**THE TASK**
Images do not belong in the copy; retype the rest of the entries below exactly.

Items from a data source

[Start of Attachment]

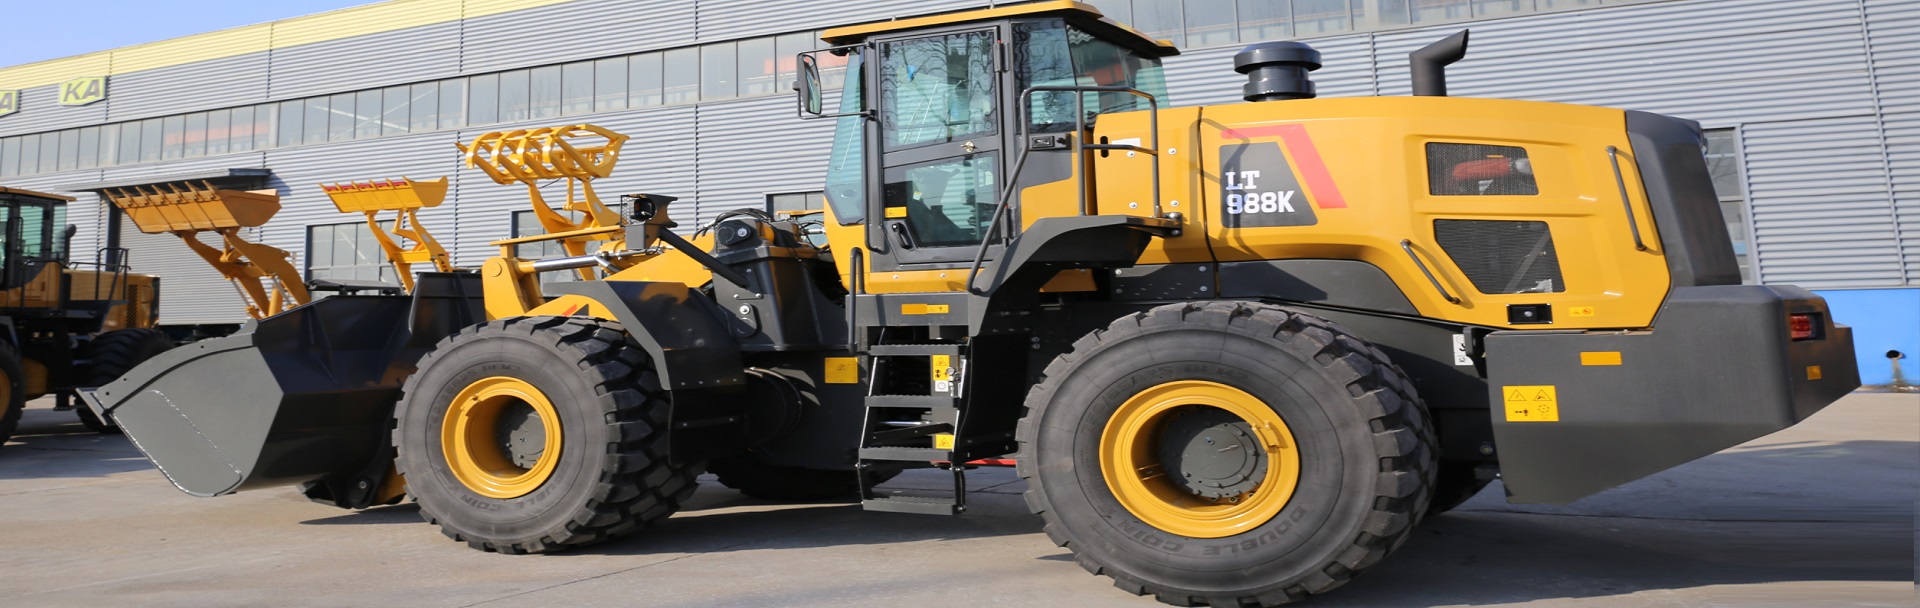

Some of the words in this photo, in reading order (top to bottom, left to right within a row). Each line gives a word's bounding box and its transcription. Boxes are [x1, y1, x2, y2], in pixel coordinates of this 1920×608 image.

[63, 79, 100, 102] KA
[1225, 170, 1260, 190] LT
[1226, 190, 1295, 215] 988K
[1116, 518, 1185, 553] COIN
[1203, 504, 1308, 555] DOUBLE
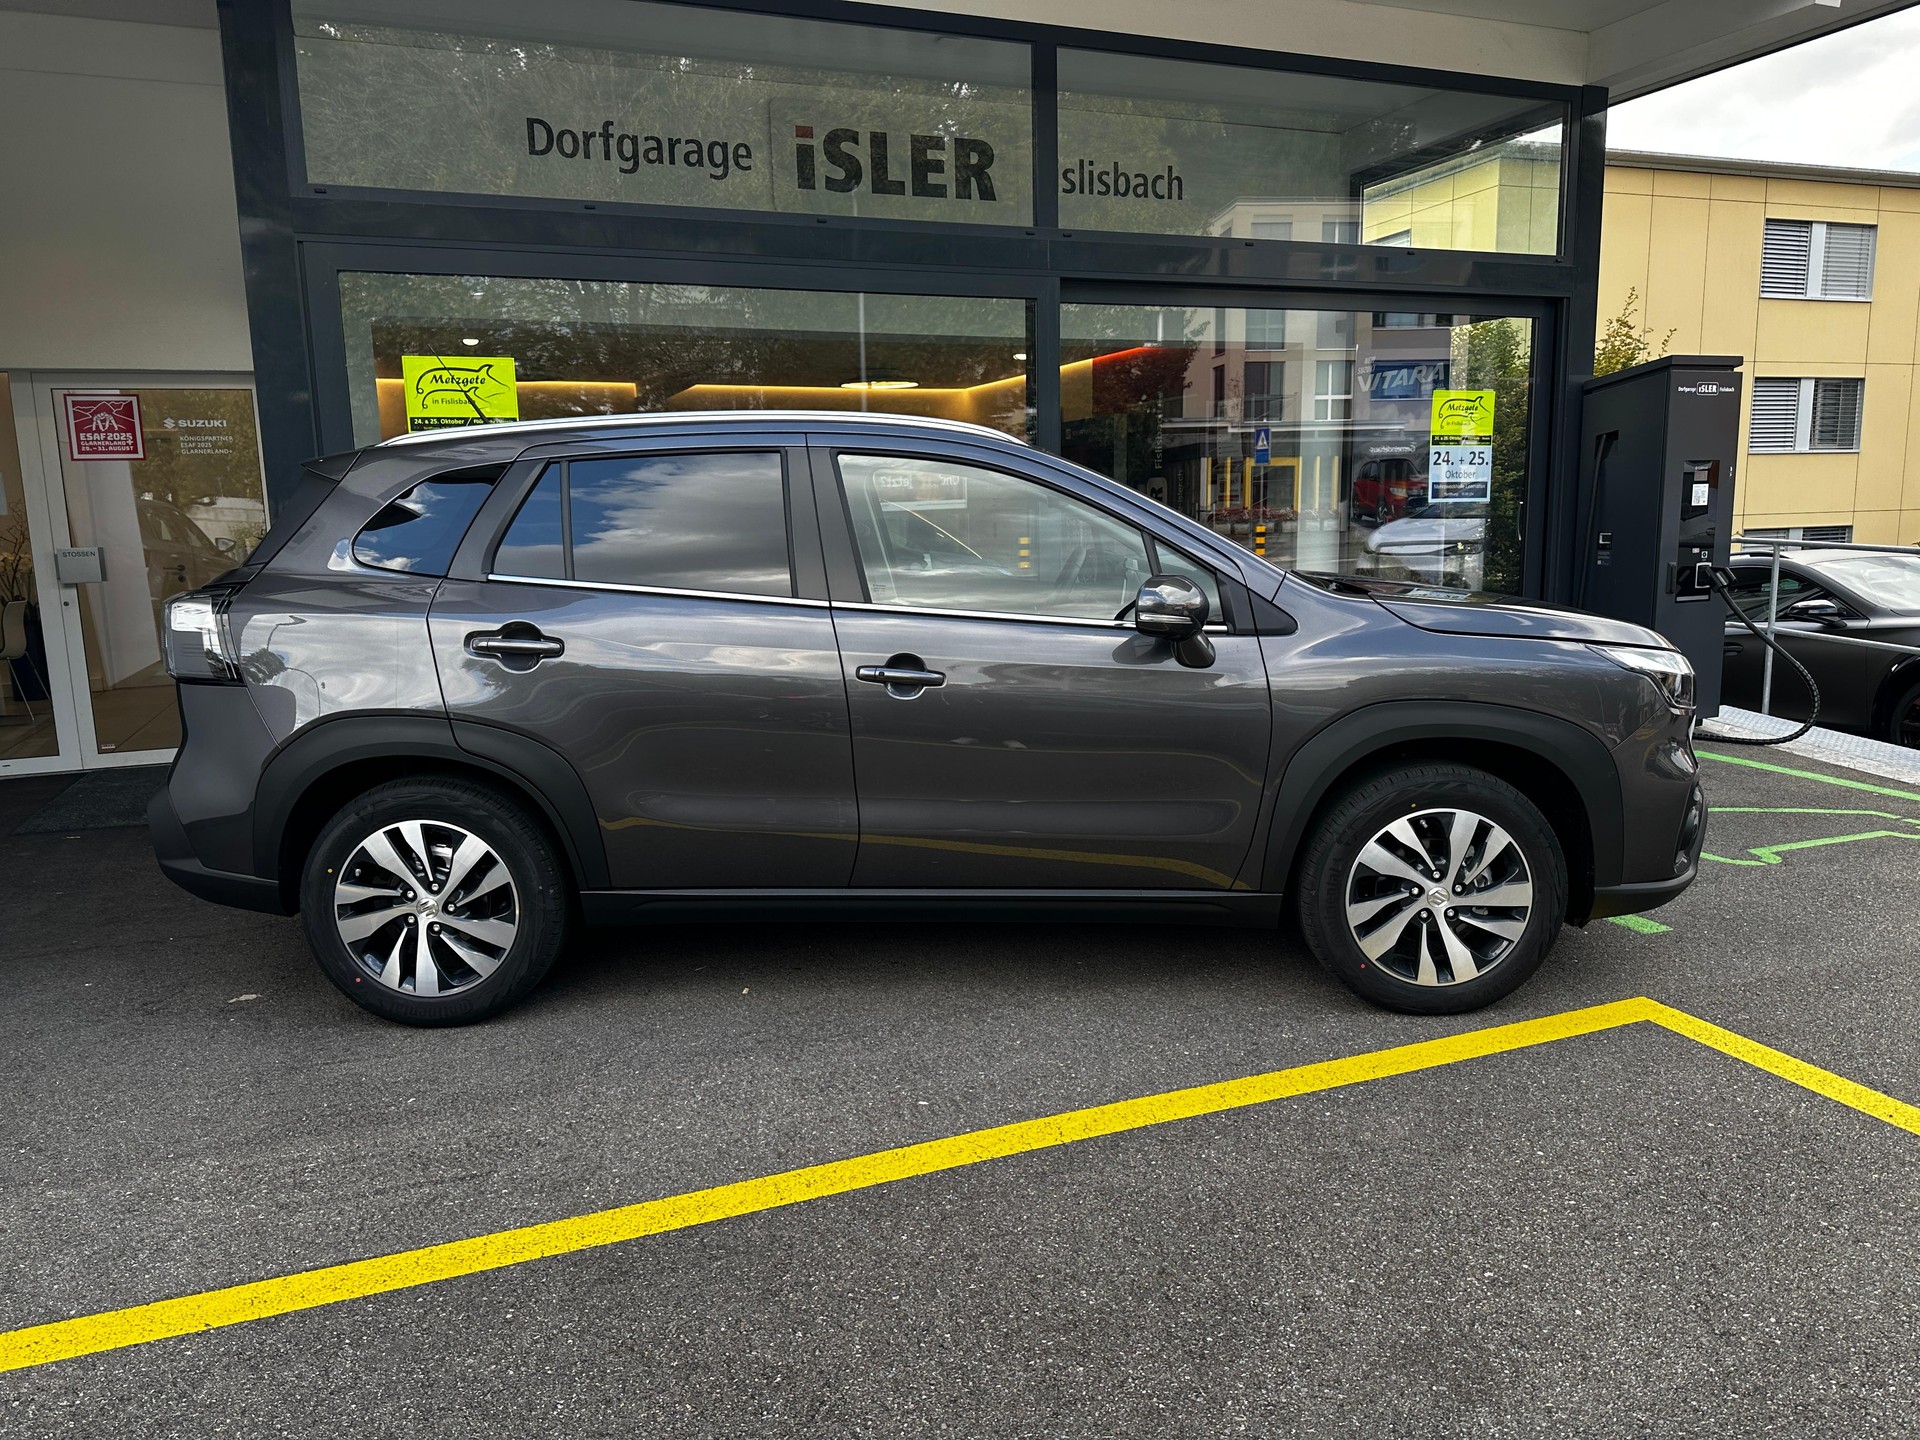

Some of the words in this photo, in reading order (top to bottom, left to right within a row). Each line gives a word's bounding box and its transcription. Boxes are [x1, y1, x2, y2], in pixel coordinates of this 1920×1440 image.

[526, 117, 753, 180] Dorfgarage
[1062, 159, 1183, 201] slisbach
[430, 374, 486, 387] Metzgete
[1357, 362, 1445, 393] VITARA
[178, 419, 227, 428] SUZUKI
[80, 433, 106, 441] ESAF
[107, 433, 132, 441] 2025
[1433, 450, 1454, 466] 24.
[1459, 456, 1465, 464] +
[1469, 450, 1489, 466] 25.
[1445, 470, 1476, 479] Oktober

[End of Attachment]

**RESPONSE BELOW**
Some of the words in this photo, in reading order (top to bottom, left to right within a row). Each line gives a word's bounding box and its transcription. Boxes are [x1, y1, x2, y2], in pixel coordinates of this 1920×608 image.

[63, 79, 100, 102] KA
[1225, 170, 1260, 190] LT
[1226, 190, 1295, 215] 988K
[1116, 518, 1185, 553] COIN
[1203, 504, 1308, 555] DOUBLE

Some of the words in this photo, in reading order (top to bottom, left to right within a row). Each line gives a word's bounding box and its transcription. Boxes are [x1, y1, x2, y2], in pixel coordinates of this 1920×1440 image.

[526, 117, 753, 180] Dorfgarage
[1062, 159, 1183, 201] slisbach
[430, 374, 486, 387] Metzgete
[1357, 362, 1445, 393] VITARA
[178, 419, 227, 428] SUZUKI
[80, 433, 106, 441] ESAF
[107, 433, 132, 441] 2025
[1433, 450, 1454, 466] 24.
[1459, 456, 1465, 464] +
[1469, 450, 1489, 466] 25.
[1445, 470, 1476, 479] Oktober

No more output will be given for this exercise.